I'm trying to figure out for which $\alpha$ function $f(x) = \frac{1}{x^{\alpha}}\left|sin\frac{1}{x}\right|$ is Lebesgue Integrable on $E = \left(0, 1 \right]$

What have I done?

  1. $0 < \alpha < 1$
    $f(x) \leq \frac{1}{x^{\alpha}}$, and I know that for $0 < \alpha < 1$ function $\frac{1}{x^{\alpha}}$ is Lebesgue Integrable and $\int_{0}^{1}\frac{1}{x^{\alpha}} = \frac{1}{1 - \alpha}$. Hence $f(x)$ Lebesgue Integrable
  2. $\alpha$ < 0
    In this case $f(x) = x^{\beta}\left|sin\frac{1}{x}\right|$ where $\beta > 0$. $f(x) \leq x^{\beta}$, $x^{\beta}$ Riemann integrable function. Hence $f(x)$ Lebesgue Integrable.
  3. $\alpha = 0$
    In this case $f(x) = \left|sin\frac{1}{x}\right|$ function limited. Hence $f(x)$ Lebesgue Integrable
  4. $\alpha \geq 1$ I'm stuck on this case now

How can I prove $f(x)$ is Lebesgue Integrable or not for above case?


My attempt:

As $f$ is Lebesgue integrable if and only if $f^+$ is integrable and $f^-$ is integrable .

(Denote $f^+=f$ when $f>0$ and $f^+=0$ when $f\le 0$; $f^-=-f$ when $f<0$ and $f^-=0$ when $f\ge 0$)

So we just need to show the positive part of $f$ is integrable.

First, we choose the part where $f>0$:

when $x\in(\frac{1}{\pi+2\pi n},\frac{1}{2\pi n})(n\in\mathbb{N}^+),1/x\in(2\pi n,\pi)$, $sin(1/x)\in(0,1)$.

Then we get a series of interval: $\{(\frac{1}{\pi+2\pi n},\frac{1}{2\pi n})\}$, in which $f(x)>0$, we denote that series as $\{I_n\}$.

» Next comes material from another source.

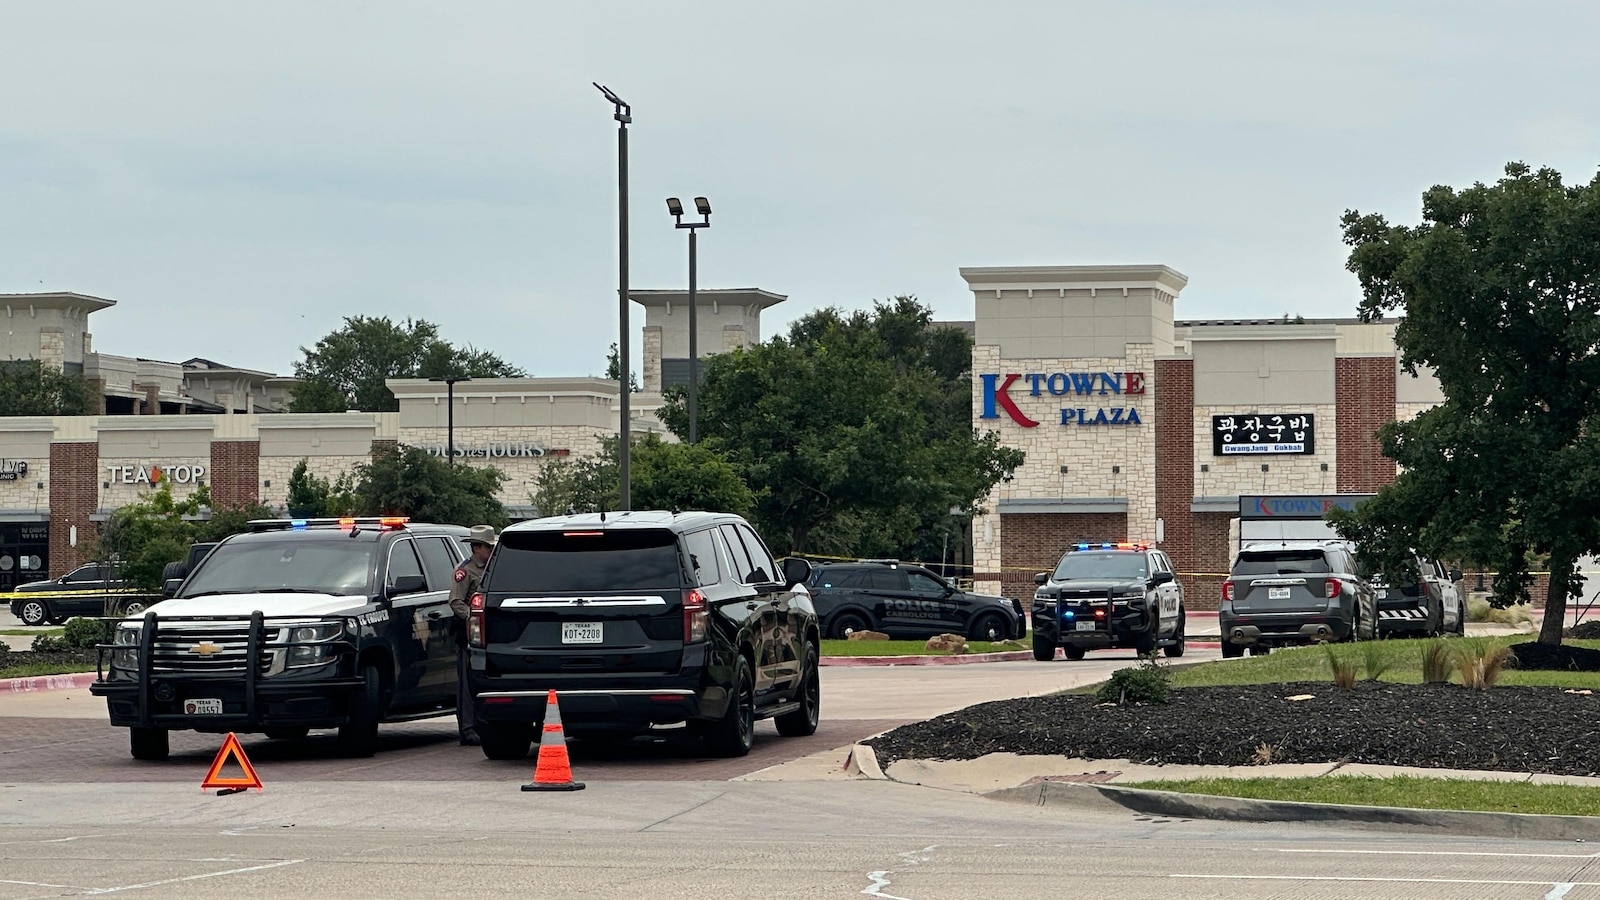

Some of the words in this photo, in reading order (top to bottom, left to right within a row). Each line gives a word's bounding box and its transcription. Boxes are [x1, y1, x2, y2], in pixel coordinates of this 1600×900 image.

After that, we can do the tricky job: on each interval $I_n$, $$\int_{I_n}fdm\ge \frac{1}{2}*(\frac{1}{2\pi n}-\frac{1}{2\pi n+\pi})*(2\pi n)^\alpha = \frac{1}{2}*\frac{\pi}{(2\pi n)(2\pi n+\pi)}*(2\pi n)^{\alpha} = \frac{1}{2}*\frac{n^{\alpha-1}}{2n+1}*(2\pi)^{\alpha-1}$$

(Note:Just think about the usual Sine plot, there is lots of "arch"s, and within every "arch", there is a triangle, which area is $\frac{1}{2}*\pi*1$. Similarly, we can get the triangle in every "arch" of $\frac{1}{x^\alpha}|sin\frac{1}{x}|$, which area is bigger than $\frac{1}{2}*\frac{\pi}{(2\pi n)(2\pi n+\pi)}*(2\pi n)^{\alpha}$, then the inequality is easy to see.)

We can find that when $\alpha\ge1$, then first part $\frac{n^{\alpha-1}}{2n+1}\ge\frac{1}{2n+1}$, then $\int_{I_n}fdm\ge\frac{1}{2n+1}$. So, we sum these $\int_{I_n}fdm$, which is unbounded, thus when $\alpha\ge1$, $f$ is not integrable.


It seemed that i mistake the problem. If $f(x)=\frac{1}{x^\alpha}|sin\frac{1}{x}|$, then $f\ge0$ all the time. So $f=f^+ + f^-$, and the conclusion is right as well.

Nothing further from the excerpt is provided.